# [Problem]
The entries below should appear again in your reply, word for word.

# [Information provided]
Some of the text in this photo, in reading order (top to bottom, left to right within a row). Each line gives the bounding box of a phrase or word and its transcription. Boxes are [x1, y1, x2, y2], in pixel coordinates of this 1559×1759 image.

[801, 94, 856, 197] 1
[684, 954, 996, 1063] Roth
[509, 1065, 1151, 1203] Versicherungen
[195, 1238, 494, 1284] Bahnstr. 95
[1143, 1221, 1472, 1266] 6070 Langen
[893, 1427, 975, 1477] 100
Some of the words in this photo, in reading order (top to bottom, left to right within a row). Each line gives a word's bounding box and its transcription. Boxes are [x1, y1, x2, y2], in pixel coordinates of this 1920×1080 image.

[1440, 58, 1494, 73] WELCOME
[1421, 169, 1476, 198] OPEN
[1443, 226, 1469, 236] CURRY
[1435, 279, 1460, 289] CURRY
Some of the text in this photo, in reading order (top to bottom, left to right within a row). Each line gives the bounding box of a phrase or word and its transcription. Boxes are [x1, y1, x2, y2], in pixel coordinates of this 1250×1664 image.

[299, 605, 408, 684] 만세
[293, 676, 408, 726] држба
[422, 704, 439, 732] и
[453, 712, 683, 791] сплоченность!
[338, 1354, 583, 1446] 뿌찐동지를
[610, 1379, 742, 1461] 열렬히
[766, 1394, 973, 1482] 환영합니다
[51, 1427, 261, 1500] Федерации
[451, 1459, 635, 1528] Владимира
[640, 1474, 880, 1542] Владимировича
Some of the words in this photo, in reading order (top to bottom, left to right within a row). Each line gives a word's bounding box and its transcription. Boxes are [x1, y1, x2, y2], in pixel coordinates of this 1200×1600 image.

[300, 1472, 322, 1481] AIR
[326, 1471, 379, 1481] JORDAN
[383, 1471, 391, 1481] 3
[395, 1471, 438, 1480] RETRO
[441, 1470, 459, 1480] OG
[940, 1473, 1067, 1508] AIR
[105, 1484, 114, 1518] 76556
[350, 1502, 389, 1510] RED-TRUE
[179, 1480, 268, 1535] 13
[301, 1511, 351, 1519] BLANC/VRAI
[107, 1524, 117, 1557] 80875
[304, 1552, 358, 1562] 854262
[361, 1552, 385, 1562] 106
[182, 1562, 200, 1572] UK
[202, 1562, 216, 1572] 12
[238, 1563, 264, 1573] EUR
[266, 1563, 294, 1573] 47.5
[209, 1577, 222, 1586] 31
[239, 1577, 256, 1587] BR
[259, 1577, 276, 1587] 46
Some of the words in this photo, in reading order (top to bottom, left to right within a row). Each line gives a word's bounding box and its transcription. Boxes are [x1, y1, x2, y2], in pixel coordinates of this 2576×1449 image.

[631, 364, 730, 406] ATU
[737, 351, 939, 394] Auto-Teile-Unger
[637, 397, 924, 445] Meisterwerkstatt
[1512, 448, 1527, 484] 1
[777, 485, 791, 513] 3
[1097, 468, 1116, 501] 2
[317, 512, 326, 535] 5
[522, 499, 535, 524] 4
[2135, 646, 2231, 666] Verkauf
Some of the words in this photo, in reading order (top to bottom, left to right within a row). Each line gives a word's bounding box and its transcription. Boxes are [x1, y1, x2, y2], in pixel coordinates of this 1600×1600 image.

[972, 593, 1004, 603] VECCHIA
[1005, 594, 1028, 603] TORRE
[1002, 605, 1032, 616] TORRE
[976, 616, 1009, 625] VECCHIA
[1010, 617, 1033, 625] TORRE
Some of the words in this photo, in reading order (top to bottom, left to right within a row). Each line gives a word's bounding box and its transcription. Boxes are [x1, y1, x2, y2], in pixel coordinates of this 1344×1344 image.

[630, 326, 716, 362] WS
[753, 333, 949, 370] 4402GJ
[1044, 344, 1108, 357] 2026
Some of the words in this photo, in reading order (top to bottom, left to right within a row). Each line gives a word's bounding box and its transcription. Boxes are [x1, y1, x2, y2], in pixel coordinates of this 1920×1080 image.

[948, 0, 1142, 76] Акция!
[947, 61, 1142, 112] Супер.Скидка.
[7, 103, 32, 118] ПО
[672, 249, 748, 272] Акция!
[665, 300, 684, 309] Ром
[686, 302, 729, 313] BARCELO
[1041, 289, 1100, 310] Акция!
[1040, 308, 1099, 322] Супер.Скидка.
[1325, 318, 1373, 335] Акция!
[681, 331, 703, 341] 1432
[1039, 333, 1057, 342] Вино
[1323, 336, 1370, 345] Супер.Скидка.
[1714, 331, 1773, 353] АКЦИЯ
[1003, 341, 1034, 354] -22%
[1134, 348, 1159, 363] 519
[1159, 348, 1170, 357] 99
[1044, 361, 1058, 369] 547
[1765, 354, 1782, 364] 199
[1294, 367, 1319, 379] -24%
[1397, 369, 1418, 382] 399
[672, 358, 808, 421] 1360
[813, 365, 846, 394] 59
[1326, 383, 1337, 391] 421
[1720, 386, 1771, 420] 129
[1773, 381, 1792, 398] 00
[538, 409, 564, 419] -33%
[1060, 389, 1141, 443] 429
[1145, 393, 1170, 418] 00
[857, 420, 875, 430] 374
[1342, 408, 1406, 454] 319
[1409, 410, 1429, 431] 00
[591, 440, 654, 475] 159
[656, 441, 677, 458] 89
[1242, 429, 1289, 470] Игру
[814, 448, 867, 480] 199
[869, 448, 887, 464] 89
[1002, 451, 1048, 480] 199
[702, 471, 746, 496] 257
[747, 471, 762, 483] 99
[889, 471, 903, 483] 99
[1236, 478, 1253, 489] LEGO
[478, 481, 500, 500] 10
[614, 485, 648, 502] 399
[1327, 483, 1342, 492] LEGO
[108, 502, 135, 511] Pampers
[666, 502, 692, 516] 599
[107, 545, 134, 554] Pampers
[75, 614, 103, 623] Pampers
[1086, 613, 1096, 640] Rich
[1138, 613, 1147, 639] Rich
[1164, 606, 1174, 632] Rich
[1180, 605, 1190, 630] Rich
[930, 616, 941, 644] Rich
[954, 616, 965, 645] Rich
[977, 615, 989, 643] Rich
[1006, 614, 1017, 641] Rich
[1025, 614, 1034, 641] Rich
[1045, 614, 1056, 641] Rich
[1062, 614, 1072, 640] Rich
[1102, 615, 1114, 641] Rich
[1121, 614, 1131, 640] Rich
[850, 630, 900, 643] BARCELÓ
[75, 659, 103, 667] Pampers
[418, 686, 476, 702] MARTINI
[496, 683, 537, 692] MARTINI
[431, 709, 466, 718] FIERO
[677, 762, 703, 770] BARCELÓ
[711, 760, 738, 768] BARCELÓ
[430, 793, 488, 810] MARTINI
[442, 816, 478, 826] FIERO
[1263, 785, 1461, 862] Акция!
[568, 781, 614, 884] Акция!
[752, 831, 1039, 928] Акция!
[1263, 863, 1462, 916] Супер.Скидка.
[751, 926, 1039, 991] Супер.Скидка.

# [Answer to this problem]
Some of the text in this photo, in reading order (top to bottom, left to right within a row). Each line gives the bounding box of a phrase or word and its transcription. Boxes are [x1, y1, x2, y2], in pixel coordinates of this 1559×1759 image.

[801, 94, 856, 197] 1
[684, 954, 996, 1063] Roth
[509, 1065, 1151, 1203] Versicherungen
[195, 1238, 494, 1284] Bahnstr. 95
[1143, 1221, 1472, 1266] 6070 Langen
[893, 1427, 975, 1477] 100
Some of the words in this photo, in reading order (top to bottom, left to right within a row). Each line gives a word's bounding box and its transcription. Boxes are [x1, y1, x2, y2], in pixel coordinates of this 1920×1080 image.

[1440, 58, 1494, 73] WELCOME
[1421, 169, 1476, 198] OPEN
[1443, 226, 1469, 236] CURRY
[1435, 279, 1460, 289] CURRY
Some of the text in this photo, in reading order (top to bottom, left to right within a row). Each line gives the bounding box of a phrase or word and its transcription. Boxes are [x1, y1, x2, y2], in pixel coordinates of this 1250×1664 image.

[299, 605, 408, 684] 만세
[293, 676, 408, 726] држба
[422, 704, 439, 732] и
[453, 712, 683, 791] сплоченность!
[338, 1354, 583, 1446] 뿌찐동지를
[610, 1379, 742, 1461] 열렬히
[766, 1394, 973, 1482] 환영합니다
[51, 1427, 261, 1500] Федерации
[451, 1459, 635, 1528] Владимира
[640, 1474, 880, 1542] Владимировича
Some of the words in this photo, in reading order (top to bottom, left to right within a row). Each line gives a word's bounding box and its transcription. Boxes are [x1, y1, x2, y2], in pixel coordinates of this 1200×1600 image.

[300, 1472, 322, 1481] AIR
[326, 1471, 379, 1481] JORDAN
[383, 1471, 391, 1481] 3
[395, 1471, 438, 1480] RETRO
[441, 1470, 459, 1480] OG
[940, 1473, 1067, 1508] AIR
[105, 1484, 114, 1518] 76556
[350, 1502, 389, 1510] RED-TRUE
[179, 1480, 268, 1535] 13
[301, 1511, 351, 1519] BLANC/VRAI
[107, 1524, 117, 1557] 80875
[304, 1552, 358, 1562] 854262
[361, 1552, 385, 1562] 106
[182, 1562, 200, 1572] UK
[202, 1562, 216, 1572] 12
[238, 1563, 264, 1573] EUR
[266, 1563, 294, 1573] 47.5
[209, 1577, 222, 1586] 31
[239, 1577, 256, 1587] BR
[259, 1577, 276, 1587] 46
Some of the words in this photo, in reading order (top to bottom, left to right within a row). Each line gives a word's bounding box and its transcription. Boxes are [x1, y1, x2, y2], in pixel coordinates of this 2576×1449 image.

[631, 364, 730, 406] ATU
[737, 351, 939, 394] Auto-Teile-Unger
[637, 397, 924, 445] Meisterwerkstatt
[1512, 448, 1527, 484] 1
[777, 485, 791, 513] 3
[1097, 468, 1116, 501] 2
[317, 512, 326, 535] 5
[522, 499, 535, 524] 4
[2135, 646, 2231, 666] Verkauf
Some of the words in this photo, in reading order (top to bottom, left to right within a row). Each line gives a word's bounding box and its transcription. Boxes are [x1, y1, x2, y2], in pixel coordinates of this 1600×1600 image.

[972, 593, 1004, 603] VECCHIA
[1005, 594, 1028, 603] TORRE
[1002, 605, 1032, 616] TORRE
[976, 616, 1009, 625] VECCHIA
[1010, 617, 1033, 625] TORRE
Some of the words in this photo, in reading order (top to bottom, left to right within a row). Each line gives a word's bounding box and its transcription. Boxes are [x1, y1, x2, y2], in pixel coordinates of this 1344×1344 image.

[630, 326, 716, 362] WS
[753, 333, 949, 370] 4402GJ
[1044, 344, 1108, 357] 2026
Some of the words in this photo, in reading order (top to bottom, left to right within a row). Each line gives a word's bounding box and its transcription. Boxes are [x1, y1, x2, y2], in pixel coordinates of this 1920×1080 image.

[948, 0, 1142, 76] Акция!
[947, 61, 1142, 112] Супер.Скидка.
[7, 103, 32, 118] ПО
[672, 249, 748, 272] Акция!
[665, 300, 684, 309] Ром
[686, 302, 729, 313] BARCELO
[1041, 289, 1100, 310] Акция!
[1040, 308, 1099, 322] Супер.Скидка.
[1325, 318, 1373, 335] Акция!
[681, 331, 703, 341] 1432
[1039, 333, 1057, 342] Вино
[1323, 336, 1370, 345] Супер.Скидка.
[1714, 331, 1773, 353] АКЦИЯ
[1003, 341, 1034, 354] -22%
[1134, 348, 1159, 363] 519
[1159, 348, 1170, 357] 99
[1044, 361, 1058, 369] 547
[1765, 354, 1782, 364] 199
[1294, 367, 1319, 379] -24%
[1397, 369, 1418, 382] 399
[672, 358, 808, 421] 1360
[813, 365, 846, 394] 59
[1326, 383, 1337, 391] 421
[1720, 386, 1771, 420] 129
[1773, 381, 1792, 398] 00
[538, 409, 564, 419] -33%
[1060, 389, 1141, 443] 429
[1145, 393, 1170, 418] 00
[857, 420, 875, 430] 374
[1342, 408, 1406, 454] 319
[1409, 410, 1429, 431] 00
[591, 440, 654, 475] 159
[656, 441, 677, 458] 89
[1242, 429, 1289, 470] Игру
[814, 448, 867, 480] 199
[869, 448, 887, 464] 89
[1002, 451, 1048, 480] 199
[702, 471, 746, 496] 257
[747, 471, 762, 483] 99
[889, 471, 903, 483] 99
[1236, 478, 1253, 489] LEGO
[478, 481, 500, 500] 10
[614, 485, 648, 502] 399
[1327, 483, 1342, 492] LEGO
[108, 502, 135, 511] Pampers
[666, 502, 692, 516] 599
[107, 545, 134, 554] Pampers
[75, 614, 103, 623] Pampers
[1086, 613, 1096, 640] Rich
[1138, 613, 1147, 639] Rich
[1164, 606, 1174, 632] Rich
[1180, 605, 1190, 630] Rich
[930, 616, 941, 644] Rich
[954, 616, 965, 645] Rich
[977, 615, 989, 643] Rich
[1006, 614, 1017, 641] Rich
[1025, 614, 1034, 641] Rich
[1045, 614, 1056, 641] Rich
[1062, 614, 1072, 640] Rich
[1102, 615, 1114, 641] Rich
[1121, 614, 1131, 640] Rich
[850, 630, 900, 643] BARCELÓ
[75, 659, 103, 667] Pampers
[418, 686, 476, 702] MARTINI
[496, 683, 537, 692] MARTINI
[431, 709, 466, 718] FIERO
[677, 762, 703, 770] BARCELÓ
[711, 760, 738, 768] BARCELÓ
[430, 793, 488, 810] MARTINI
[442, 816, 478, 826] FIERO
[1263, 785, 1461, 862] Акция!
[568, 781, 614, 884] Акция!
[752, 831, 1039, 928] Акция!
[1263, 863, 1462, 916] Супер.Скидка.
[751, 926, 1039, 991] Супер.Скидка.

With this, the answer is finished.